Exercise directions: Repeat all of the records word for word, but skip any picture.
-------- Extracted information
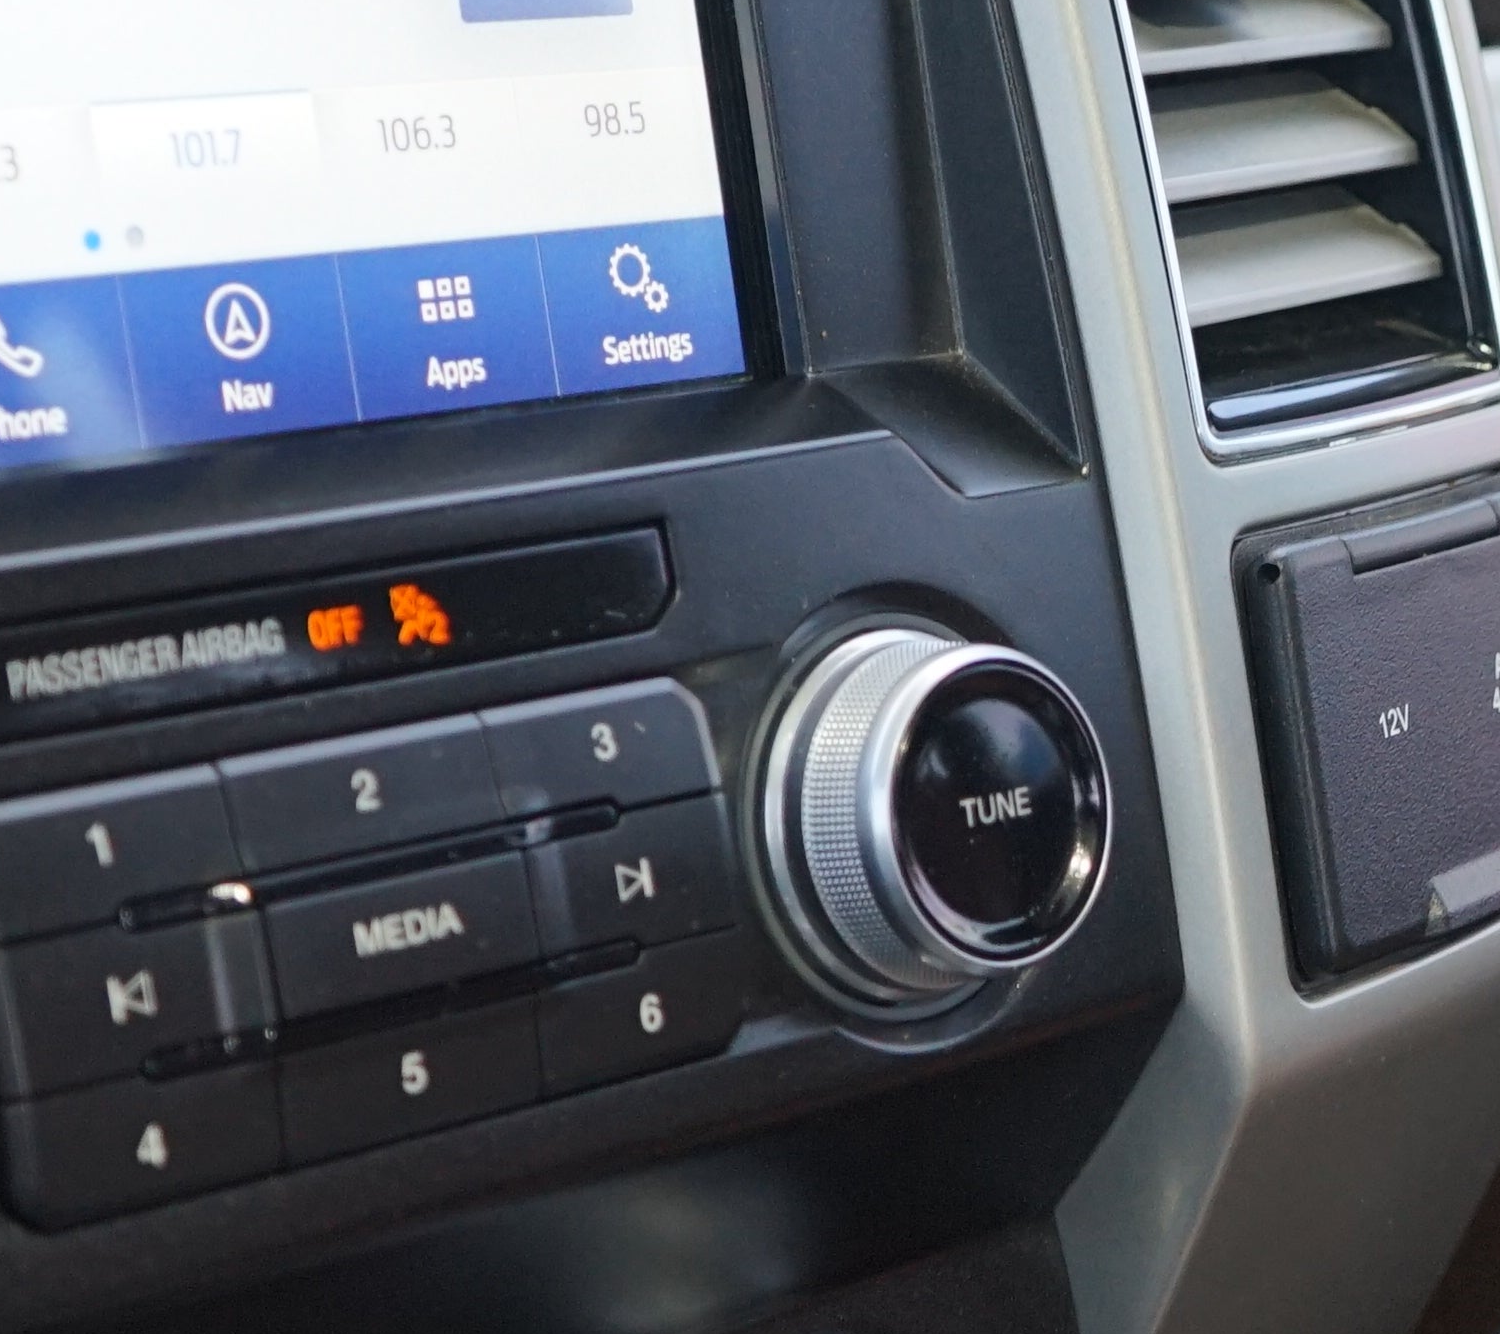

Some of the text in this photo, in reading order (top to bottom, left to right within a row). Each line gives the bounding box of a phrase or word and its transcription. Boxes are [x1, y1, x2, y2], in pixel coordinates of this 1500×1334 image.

[169, 128, 242, 169] 101.7
[377, 114, 457, 154] 106.3
[583, 101, 647, 138] 98.5
[602, 330, 694, 367] Settings
[426, 355, 487, 391] Apps
[221, 378, 274, 414] Nav
[5, 604, 364, 701] PASSENGER AIRBAG OFF
[1379, 703, 1410, 739] 12V
[590, 723, 621, 763] 3
[350, 769, 381, 814] 2
[959, 785, 1033, 828] TUNE
[85, 822, 113, 866] 1
[351, 900, 466, 960] MEDIA
[637, 992, 665, 1034] 6
[400, 1051, 429, 1096] 5
[136, 1123, 168, 1171] 4
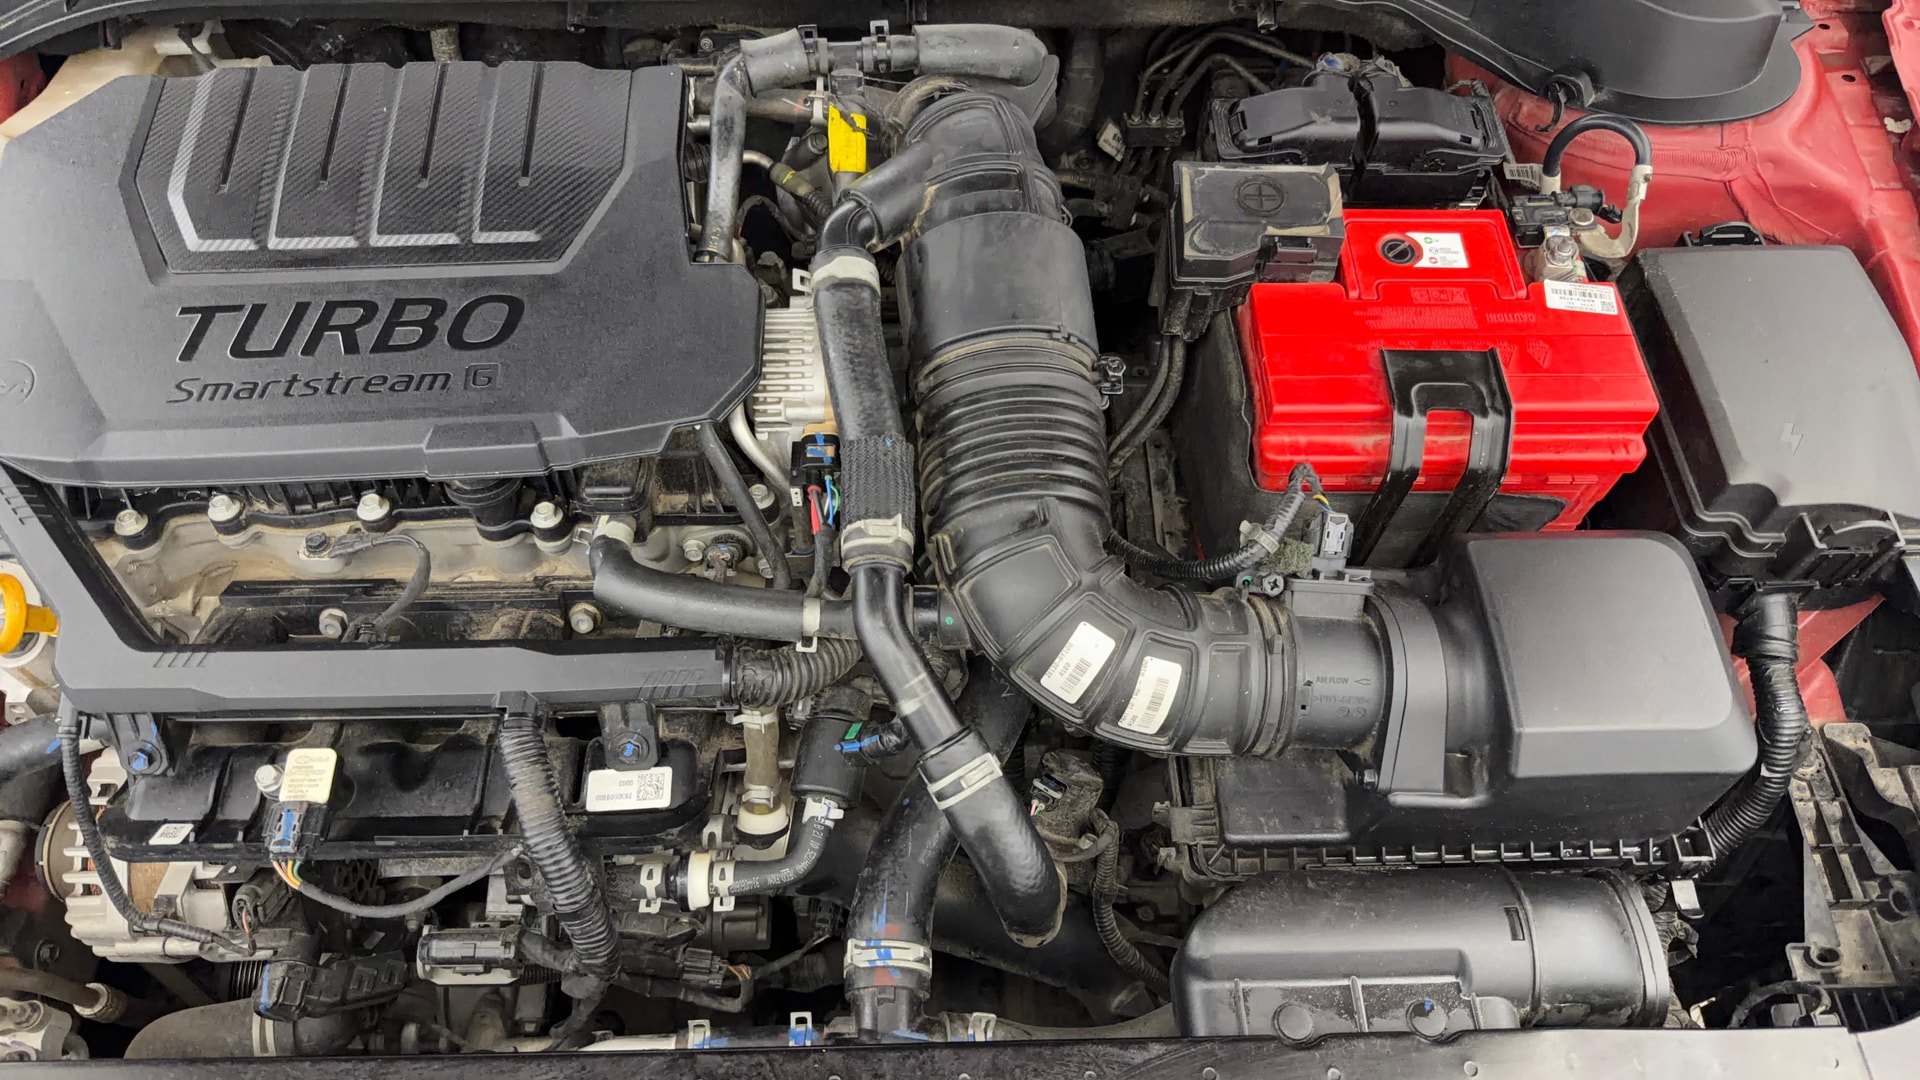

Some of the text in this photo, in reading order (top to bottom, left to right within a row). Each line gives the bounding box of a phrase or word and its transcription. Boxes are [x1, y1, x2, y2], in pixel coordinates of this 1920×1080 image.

[176, 294, 525, 363] TURBO
[166, 366, 496, 404] Smartstream G
[1316, 676, 1350, 685] AIR FLOW
----------------
Problem solution:
Some of the text in this photo, in reading order (top to bottom, left to right within a row). Each line gives the bounding box of a phrase or word and its transcription. Boxes are [x1, y1, x2, y2], in pixel coordinates of this 1500×1334 image.

[169, 128, 242, 169] 101.7
[377, 114, 457, 154] 106.3
[583, 101, 647, 138] 98.5
[602, 330, 694, 367] Settings
[426, 355, 487, 391] Apps
[221, 378, 274, 414] Nav
[5, 604, 364, 701] PASSENGER AIRBAG OFF
[1379, 703, 1410, 739] 12V
[590, 723, 621, 763] 3
[350, 769, 381, 814] 2
[959, 785, 1033, 828] TUNE
[85, 822, 113, 866] 1
[351, 900, 466, 960] MEDIA
[637, 992, 665, 1034] 6
[400, 1051, 429, 1096] 5
[136, 1123, 168, 1171] 4

Some of the text in this photo, in reading order (top to bottom, left to right within a row). Each line gives the bounding box of a phrase or word and its transcription. Boxes are [x1, y1, x2, y2], in pixel coordinates of this 1920×1080 image.

[176, 294, 525, 363] TURBO
[166, 366, 496, 404] Smartstream G
[1316, 676, 1350, 685] AIR FLOW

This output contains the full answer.